At the time of the tour, both Cake and the Flaming Lips were one-hit wonders. Yes, Cake had placed at least one other song on the charts, but their sound is so monotonously innocuous that their singles inevitably congeal into one tangible Jell-O mold in your head. The Lips, on the other hand, released one of the strangest singles in recent memory with “She Don’t Use Jelly,” from 1995’s “Transmissions From The Satellite Heart.” To everyone’s amazement, she DID use Vaseline on her toast. Aided chiefly by Chicago’s alternative radio station Q101 (I lament thy subsequent demise), MTV eventually picked up the slapdash video, and the band skyrocketed to fame, only to skydive into familiar obscurity months later.

Cursed with BMG’s dubious “11 CDs for a penny” deal, I found myself lacking the ability to produce an eleventh CD that intrigued me. So, having been an avid MTV viewer, I decided to take a chance on the Lips. With characteristic youthful ignorance, I was very disappointed. I hated the chaotic guitar noise that I later embraced as an emblem of skillfully pure expression and consequently hocked it to a friend who, being nine months older, kept it and continues to treasure it to this day. Unfortunately for yours truly, I repurchased the disc several years later, wiser for the wear.
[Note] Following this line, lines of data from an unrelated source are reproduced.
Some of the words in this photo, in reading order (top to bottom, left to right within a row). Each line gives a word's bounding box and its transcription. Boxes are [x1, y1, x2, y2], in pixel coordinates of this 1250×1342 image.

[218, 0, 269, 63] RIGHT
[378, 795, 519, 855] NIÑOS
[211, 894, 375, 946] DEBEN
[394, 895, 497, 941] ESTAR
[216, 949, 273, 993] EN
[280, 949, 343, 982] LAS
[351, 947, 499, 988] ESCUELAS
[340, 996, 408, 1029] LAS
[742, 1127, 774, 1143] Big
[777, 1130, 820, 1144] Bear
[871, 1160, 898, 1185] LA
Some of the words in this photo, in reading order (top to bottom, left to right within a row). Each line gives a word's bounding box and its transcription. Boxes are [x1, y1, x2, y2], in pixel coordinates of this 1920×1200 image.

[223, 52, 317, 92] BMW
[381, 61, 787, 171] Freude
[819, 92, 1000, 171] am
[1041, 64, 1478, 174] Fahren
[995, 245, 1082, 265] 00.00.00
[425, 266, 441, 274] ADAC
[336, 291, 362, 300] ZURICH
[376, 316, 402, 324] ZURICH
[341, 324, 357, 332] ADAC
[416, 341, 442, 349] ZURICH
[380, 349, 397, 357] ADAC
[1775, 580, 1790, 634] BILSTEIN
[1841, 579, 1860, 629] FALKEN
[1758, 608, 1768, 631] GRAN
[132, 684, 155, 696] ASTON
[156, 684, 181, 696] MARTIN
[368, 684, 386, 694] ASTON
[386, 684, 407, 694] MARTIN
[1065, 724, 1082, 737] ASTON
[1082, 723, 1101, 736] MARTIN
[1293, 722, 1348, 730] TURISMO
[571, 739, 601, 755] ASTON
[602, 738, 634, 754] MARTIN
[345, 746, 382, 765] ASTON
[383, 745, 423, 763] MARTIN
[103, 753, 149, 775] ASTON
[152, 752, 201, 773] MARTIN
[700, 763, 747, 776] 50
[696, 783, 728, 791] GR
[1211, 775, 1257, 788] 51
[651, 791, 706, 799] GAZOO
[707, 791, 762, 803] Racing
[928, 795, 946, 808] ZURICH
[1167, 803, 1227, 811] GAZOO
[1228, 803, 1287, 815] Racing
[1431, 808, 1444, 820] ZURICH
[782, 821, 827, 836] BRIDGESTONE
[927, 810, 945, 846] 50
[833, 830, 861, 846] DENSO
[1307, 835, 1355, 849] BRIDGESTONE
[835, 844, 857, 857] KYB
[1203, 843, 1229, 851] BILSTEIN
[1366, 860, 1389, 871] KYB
What made me change my mind? 1998’s “The Soft Bulletin,” a symphonic masterpiece hatched from the same crucial gene that inspired Brian Wilson to compose the Beach Boys’ invincible “Pet Sounds.” Nothing can prepare you for the deluge of adrenaline that invades your bloodstream a mere five seconds into the first song, “Race For The Prize,” a tale of scientific ambition. If that sounds too ambiguous and just plain odd, I can sympathize. Wayne Coyne is a notorious advocate of Dadaistic wordplay. His song titles and subject matter range from moths in incubators to pugilistic robots. As if that rush of energy were not enough to satiate your carnal desire for transcendence, the Lips present “The Gash,” a song about a wound that manages to physically levitate your entire body several feet above your previous resting place.

The secret to such musical jubilation is easier to grasp than you might think. It’s very simple, actually. Questionably intricate instrumentation bonds perfectly with undeniably captivating melodies, and the process itself is known as song writing. Do not think for a moment that the spectacle and kitsch of the Lips’ live show conceals their musical prowess. Ever since Steven Drozd entered the lineup in the early ’90s, the Lips have maintained a phenomenal musical aesthetic.
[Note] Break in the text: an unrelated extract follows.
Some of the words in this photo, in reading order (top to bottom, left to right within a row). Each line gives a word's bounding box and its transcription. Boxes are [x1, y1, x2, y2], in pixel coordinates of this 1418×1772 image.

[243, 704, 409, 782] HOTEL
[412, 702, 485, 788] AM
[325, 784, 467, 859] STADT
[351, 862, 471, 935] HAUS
Just look at 2002’s conceptual “Yoshimi Battles the Pink Robots” and the unmitigated precision of that album’s singles. “Fight Test,” the opening song, is a marvelous variation of an old Cat Stevens melody — quite the Midas touch, if I may say so. There are about three more mesmerizing songs until you reach “Do You Realize?” — a song to which I could easily lend my ears ad infinitum.
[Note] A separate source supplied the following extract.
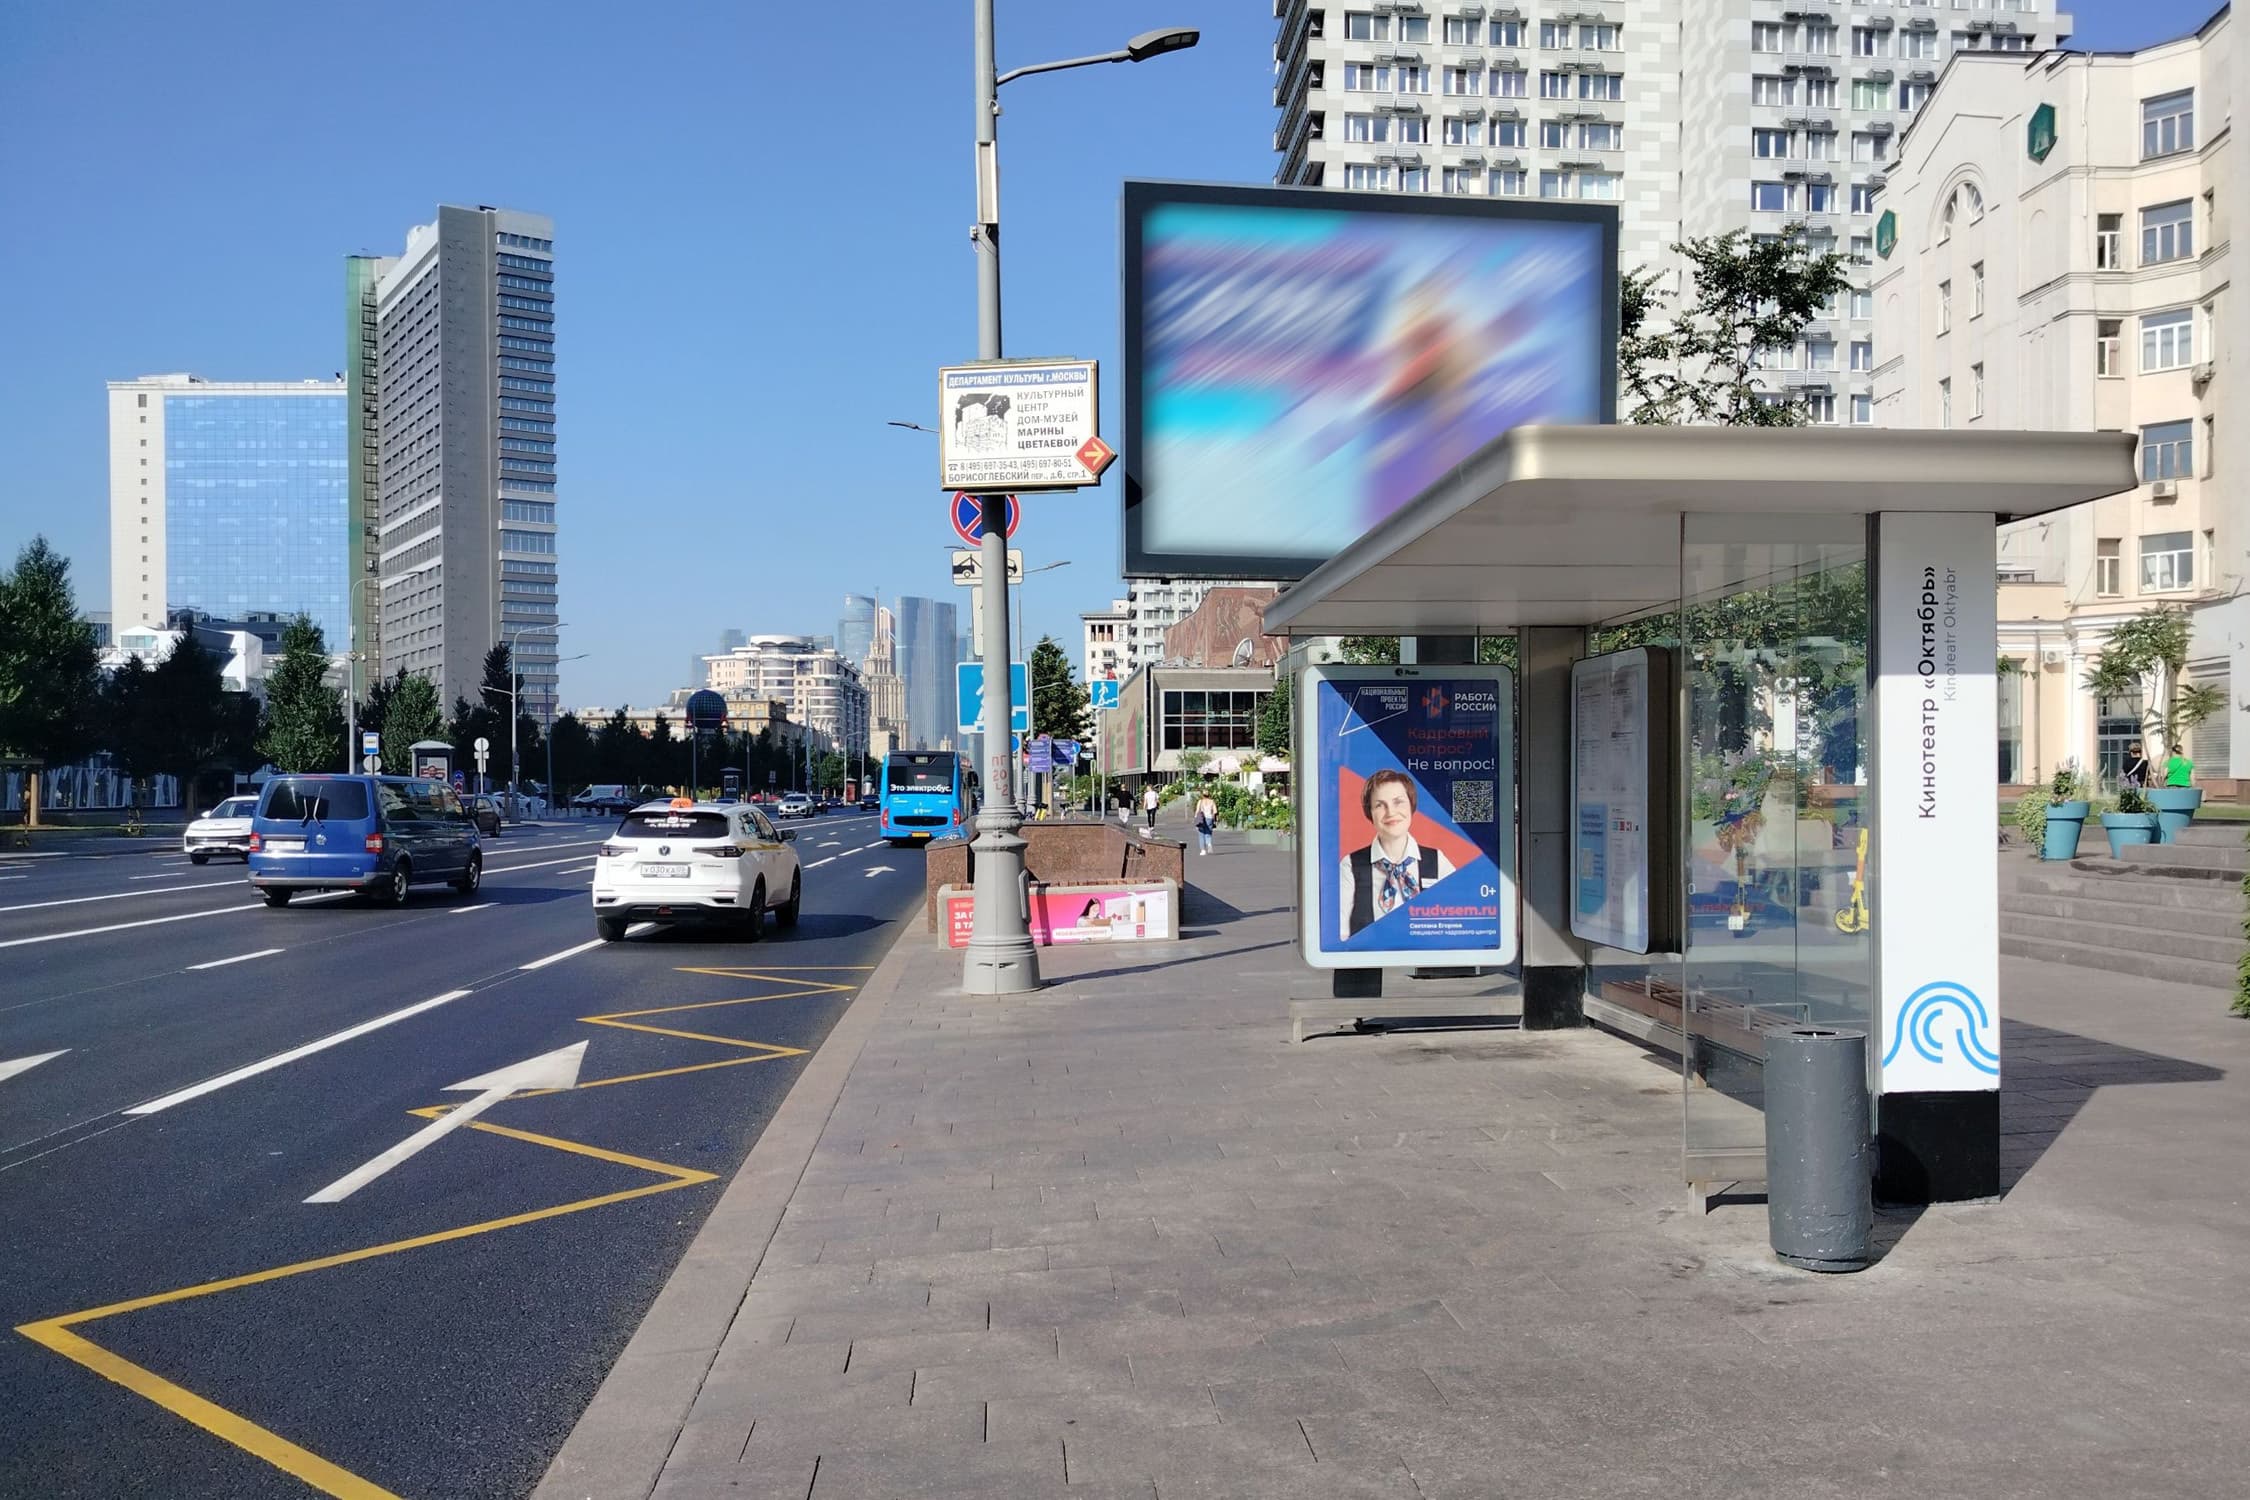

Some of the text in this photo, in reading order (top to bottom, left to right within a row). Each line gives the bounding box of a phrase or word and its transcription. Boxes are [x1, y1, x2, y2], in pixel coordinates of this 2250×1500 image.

The poignancy of the lyrics is what mainly distinguishes this album from its predecessor. “The Soft Bulletin” has touching songs, particularly “Waitin’ for a Superman,” but the early Dada influence infuses most of the songs. Some residual, surrealistic tendencies do pervade several songs on “Yoshimi,” but the album is unavoidably a concept album based on a Japanese woman’s struggle against menacing, destructive robots. The album’s crucial songs do not adhere to this restrictive criterion. “Do You Realize?” addresses humanity’s inherent beauty, and “The Hypnotist” is a candidly literal, wide-eyed love song.

In 1966, The Beatles released the artistically assiduous “Revolver.” Then a year later came “Sgt. Pepper,” the archetypal concept album. Although I am extremely adamant that the first remains extremely superior to its venerated successor, I have no idea where I stand with respect to the Lips’ parallel albums. I do know that when their next release will become available, but I will have the prescience to keep it until I can properly devour the contents.